On March 25, 2019, widespread flood events occurred across Iran’s provinces and set a new record for socioeconomic losses and casualties. In hindsight, it opened an engrossed area of research for flood hazard mapping, something that has previously been pursued yet not embraced as must they should. In pursuit of reconciling the decision-makers and authorities with the successful application of machine/deep learning models in pattern extraction and detection of hotspots, we employed a deep learning model named Deep Belief Network (DBN), and then it was hybridized using particle swarm optimization (DBN-PSO) and genetic algorithm (DBN-GA). Their results were compared to Random Forest (RF) and Support Vector Machine (SVM) that have been known as benchmark models in the field of flood susceptibility. The area under the receiver operatic characteristic curve (AUC) and True Skill Statistic (TSS) were used for performance assessment through three sample partitioning replicates, which further indicated models’ predictive performance and robustness. Results revealed that DBN-PSO was the best model in terms of prediction performance (AUCmean = 0.957, TSSmean = 0.748) and robustness (RAUC = 0.6%, RTSS = 0.8%). Furthermore, all the standalone DBN and its hybrid models outperformed benchmark models including RF (AUCmean = 0.911, TSSmean = 0.714, RAUC = 1.5%, RTSS = 2.1%) and SVM (AUCmean = 0.899, TSSmean = 0.692, RAUC = 2.1%, RTSS = 2.3%). In addition, drainage density was the most important factor in flood susceptibility modeling.

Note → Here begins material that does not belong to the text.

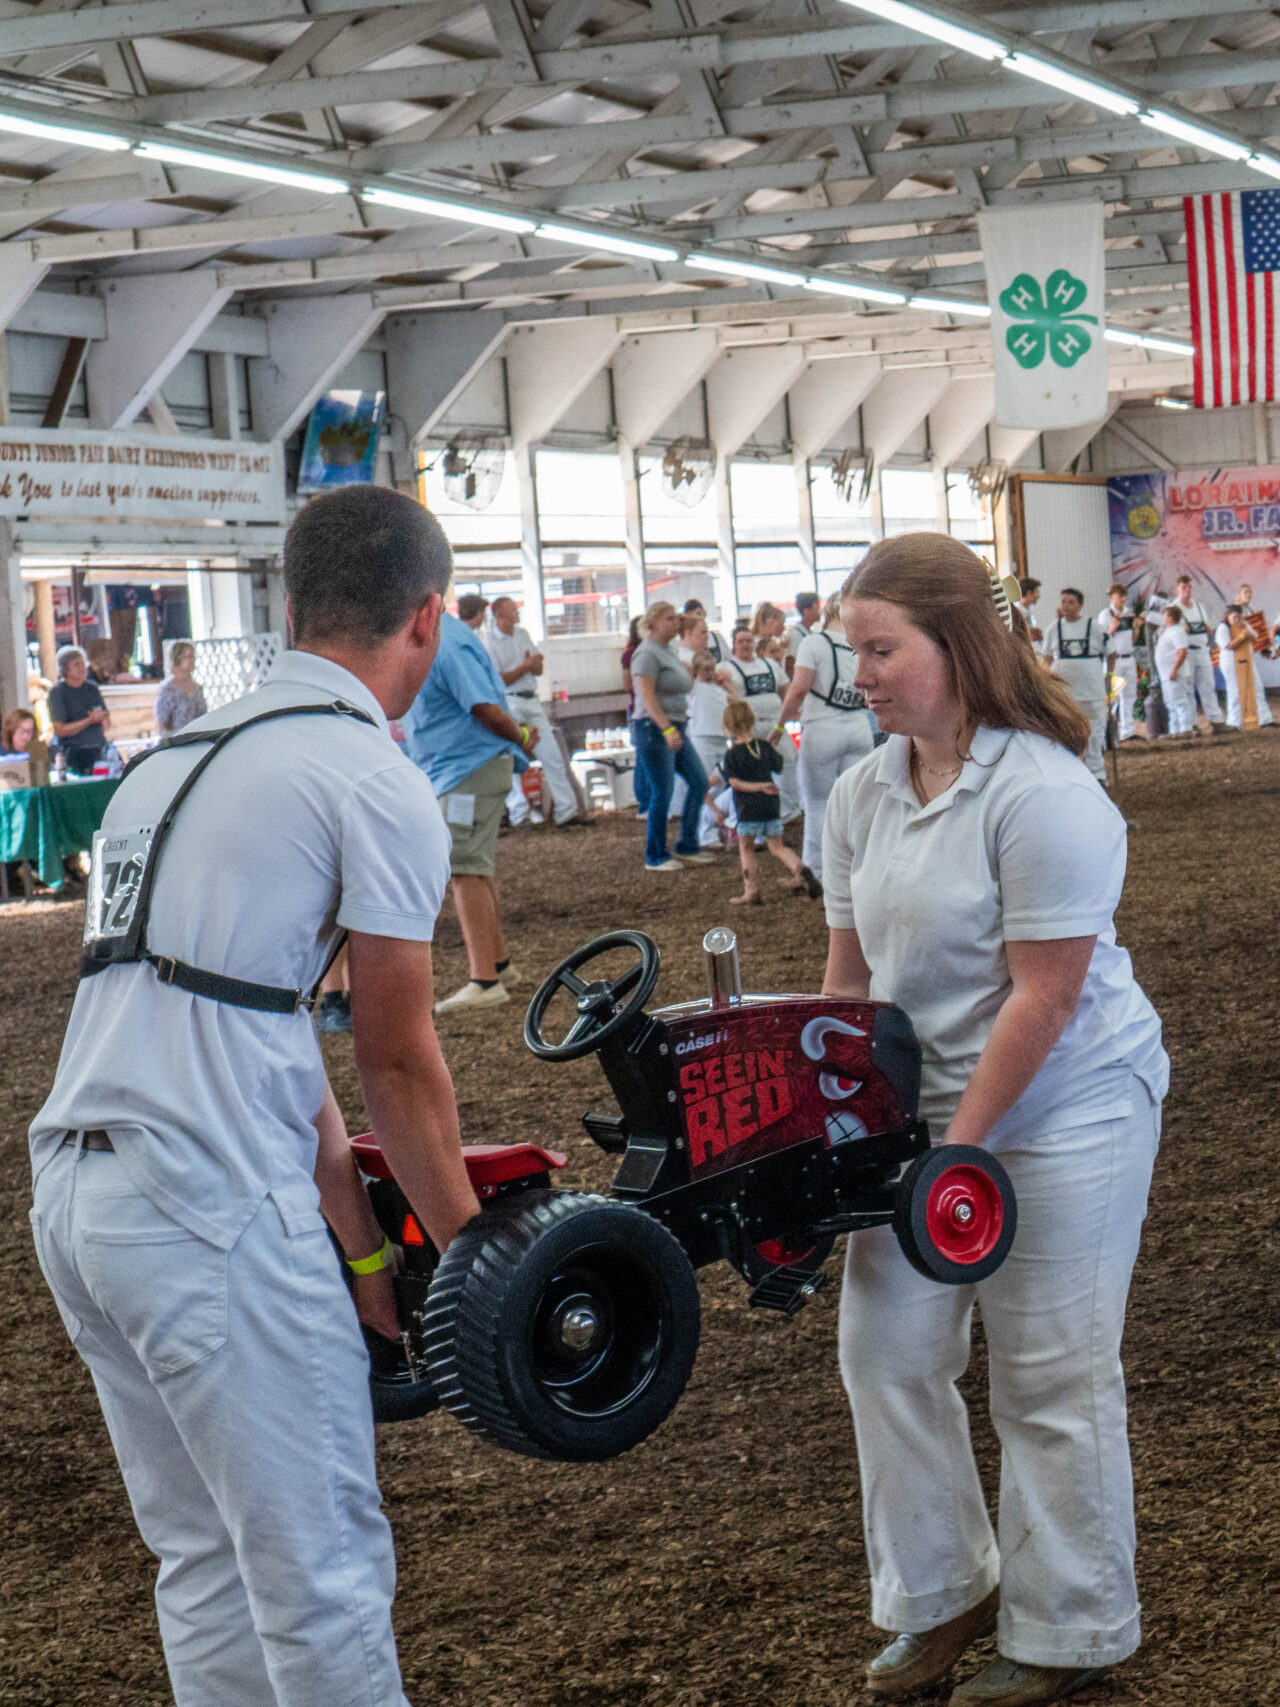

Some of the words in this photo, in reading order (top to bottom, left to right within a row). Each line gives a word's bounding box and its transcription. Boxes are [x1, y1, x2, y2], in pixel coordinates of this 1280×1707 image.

[1203, 507, 1248, 537] JR.
[675, 1031, 715, 1055] CASE
[685, 1076, 793, 1168] RED

Accordingly, about 13.5% of the region was addressed as the high hazard zone of flood occurrence based on the DBN-PSO model, which should be considered for further pragmatic actions.

Suggested Citation

  • Eslam Satarzadeh & Amirpouya Sarraf & Hooman Hajikandi & Mohammad Sadegh Sadeghian, 2022. "Flood hazard mapping in western Iran: assessment of deep learning vis-à-vis machine learning models," Natural Hazards: Journal of the International Society for the Prevention and Mitigation of Natural Hazards, Springer;International Society for the Prevention and Mitigation of Natural Hazards, vol. 111(2), pages 1355-1373, March.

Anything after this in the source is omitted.